En l’espèce, hormis l’acte de naissance de Mme [X] [H] et l’acte de naissance de M. [D] [H], tous les actes d’état civil sont produits en simples photocopies.
Or, une photocopie étant exempte de toute garantie d’intégrité et d’authenticité, ces pièces sont dépourvues de toute force probante.
Ainsi, notamment, l’acte de naissance de [J] [Q] étant produit en photocopie, il n’est pas justifié d’un état civil fiable et certain pour celle-ci (pièce n°11 de la demanderesse). Dès lors, Mme [X] [H] ne saurait se prévaloir d’une chaîne de filiation à l’égard de celle-ci, ni de son statut civil de droit commun.
Mme [X] [H], qui ne démontre pas la nationalité française de son père revendiqué, ne justifie donc pas être de nationalité française par filiation paternelle.
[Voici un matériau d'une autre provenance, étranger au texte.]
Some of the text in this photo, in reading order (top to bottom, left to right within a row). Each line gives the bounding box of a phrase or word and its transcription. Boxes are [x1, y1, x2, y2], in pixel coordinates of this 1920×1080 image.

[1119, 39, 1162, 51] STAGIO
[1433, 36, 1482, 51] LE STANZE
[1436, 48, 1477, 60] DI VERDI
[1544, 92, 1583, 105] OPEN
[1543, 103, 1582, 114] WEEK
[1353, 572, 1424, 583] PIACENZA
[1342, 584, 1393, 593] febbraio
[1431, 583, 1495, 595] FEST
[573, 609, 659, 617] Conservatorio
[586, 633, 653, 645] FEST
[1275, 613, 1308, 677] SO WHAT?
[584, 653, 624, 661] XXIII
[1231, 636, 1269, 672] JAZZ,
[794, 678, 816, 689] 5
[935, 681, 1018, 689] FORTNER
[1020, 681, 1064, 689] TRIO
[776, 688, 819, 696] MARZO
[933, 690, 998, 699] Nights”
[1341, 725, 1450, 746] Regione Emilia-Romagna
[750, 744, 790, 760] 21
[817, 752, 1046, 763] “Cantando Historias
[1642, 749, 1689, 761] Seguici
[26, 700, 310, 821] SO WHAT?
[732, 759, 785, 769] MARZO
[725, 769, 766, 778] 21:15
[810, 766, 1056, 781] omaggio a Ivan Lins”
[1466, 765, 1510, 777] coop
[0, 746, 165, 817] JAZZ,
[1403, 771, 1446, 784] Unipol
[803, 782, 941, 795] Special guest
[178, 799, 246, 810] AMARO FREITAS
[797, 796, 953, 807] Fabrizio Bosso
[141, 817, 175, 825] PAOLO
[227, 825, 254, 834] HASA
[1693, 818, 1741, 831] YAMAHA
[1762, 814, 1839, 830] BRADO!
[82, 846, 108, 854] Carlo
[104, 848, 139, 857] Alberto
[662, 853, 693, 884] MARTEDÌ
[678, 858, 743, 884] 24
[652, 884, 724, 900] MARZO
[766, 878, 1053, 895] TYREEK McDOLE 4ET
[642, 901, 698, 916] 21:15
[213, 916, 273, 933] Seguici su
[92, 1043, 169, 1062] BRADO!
Par ailleurs, elle ne revendique la nationalité française à aucun autre titre.
En conséquence, il y a lieu de débouter Mme [X] [H] de sa demande tendant à voir dire qu’elle est de nationalité française.
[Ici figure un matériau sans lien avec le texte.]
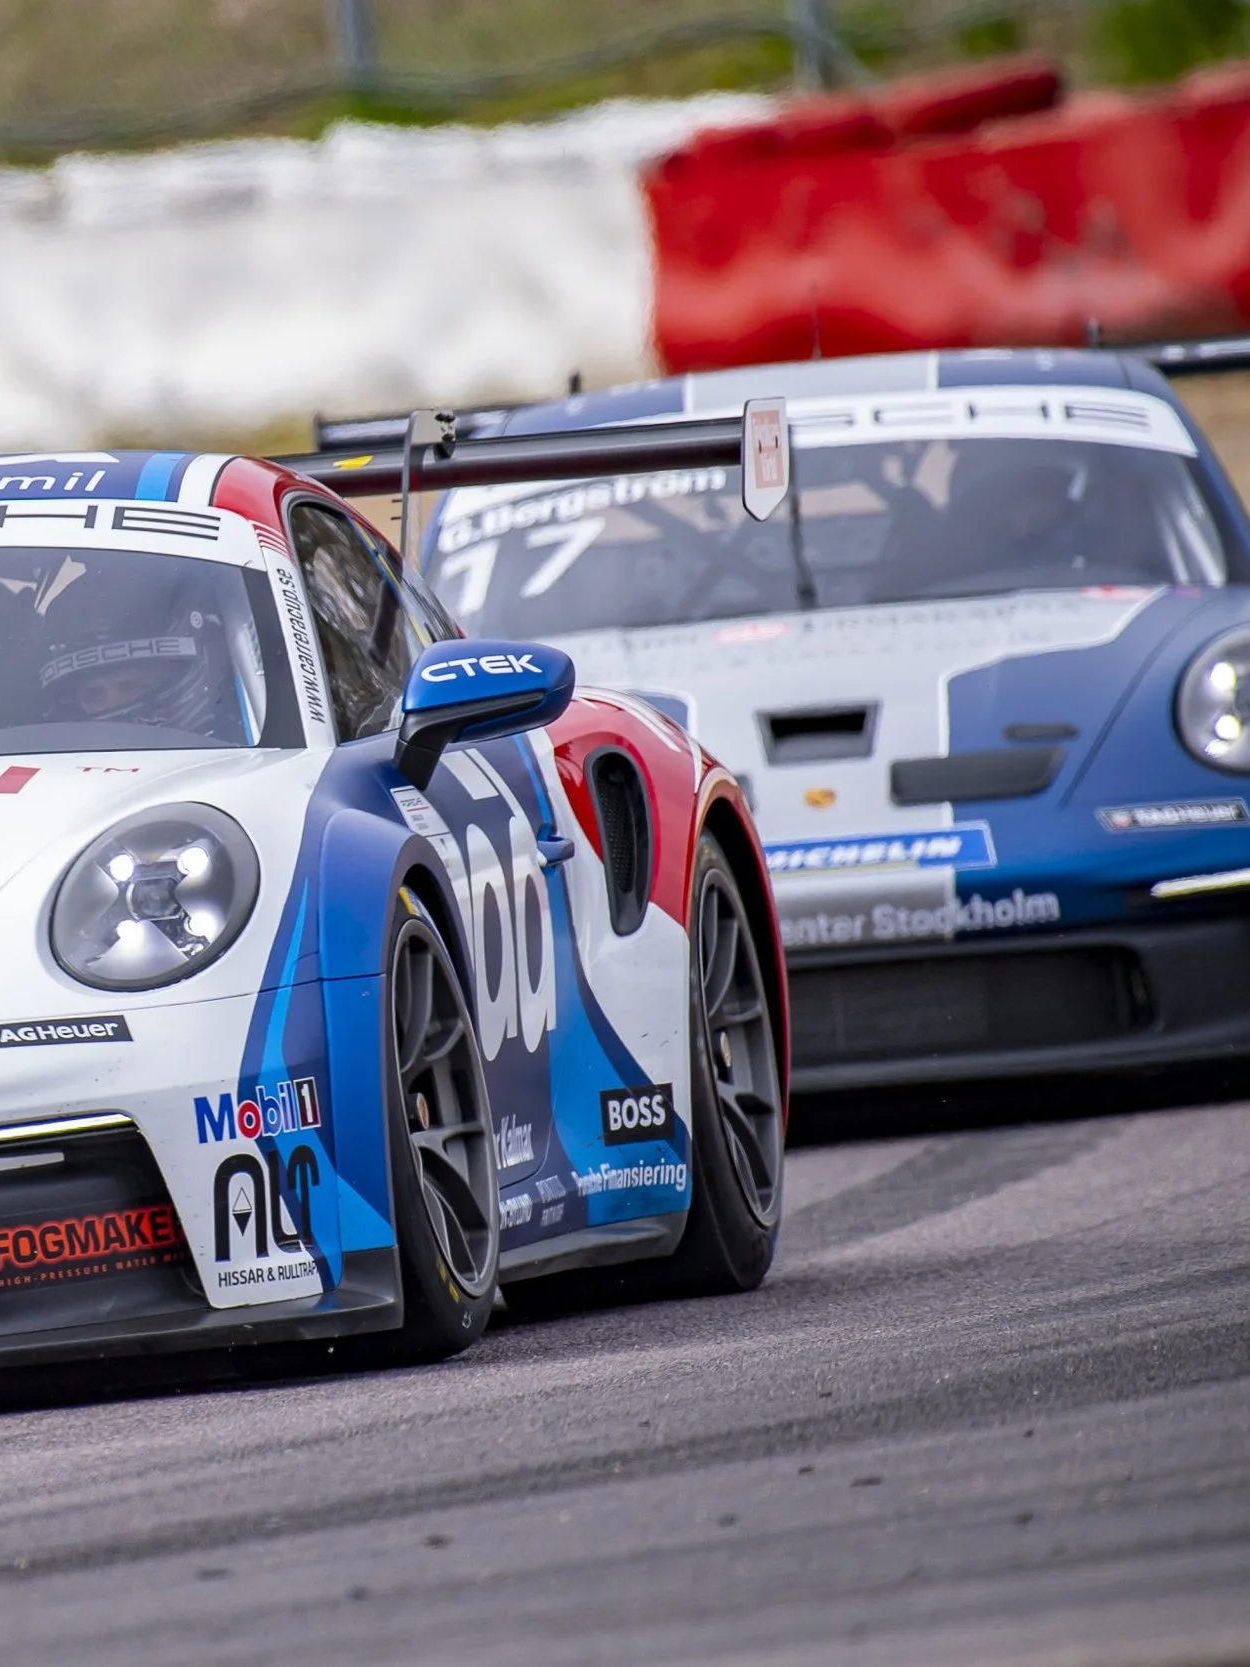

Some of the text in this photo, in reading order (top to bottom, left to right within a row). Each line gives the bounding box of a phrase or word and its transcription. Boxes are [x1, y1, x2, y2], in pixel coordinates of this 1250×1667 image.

[440, 515, 607, 617] 17
[41, 637, 182, 683] ORSCHE
[276, 567, 326, 724] www.carreracup.se
[420, 653, 544, 683] CTEK
[780, 887, 1061, 947] enter Stockholm
[193, 1084, 297, 1144] Mobil
[607, 1094, 667, 1131] BOSS
[601, 1158, 687, 1193] Finansiering
[218, 1268, 266, 1287] HISSAR
[267, 1267, 276, 1281] &
Sur la mention prévue à l’article 28 du code civil
Aux termes de l’article 28 du code civil, mention sera portée, en marge de l’acte de naissance, des actes administratifs et des déclarations ayant pour effet l’acquisition, la perte de la nationalité française ou la réintégration dans cette nationalité. Il sera fait de même mention de toute première délivrance de certificat de nationalité française et des décisions juridictionnelles ayant trait à cette nationalité. En conséquence, cette mention sera en l’espèce ordonnée.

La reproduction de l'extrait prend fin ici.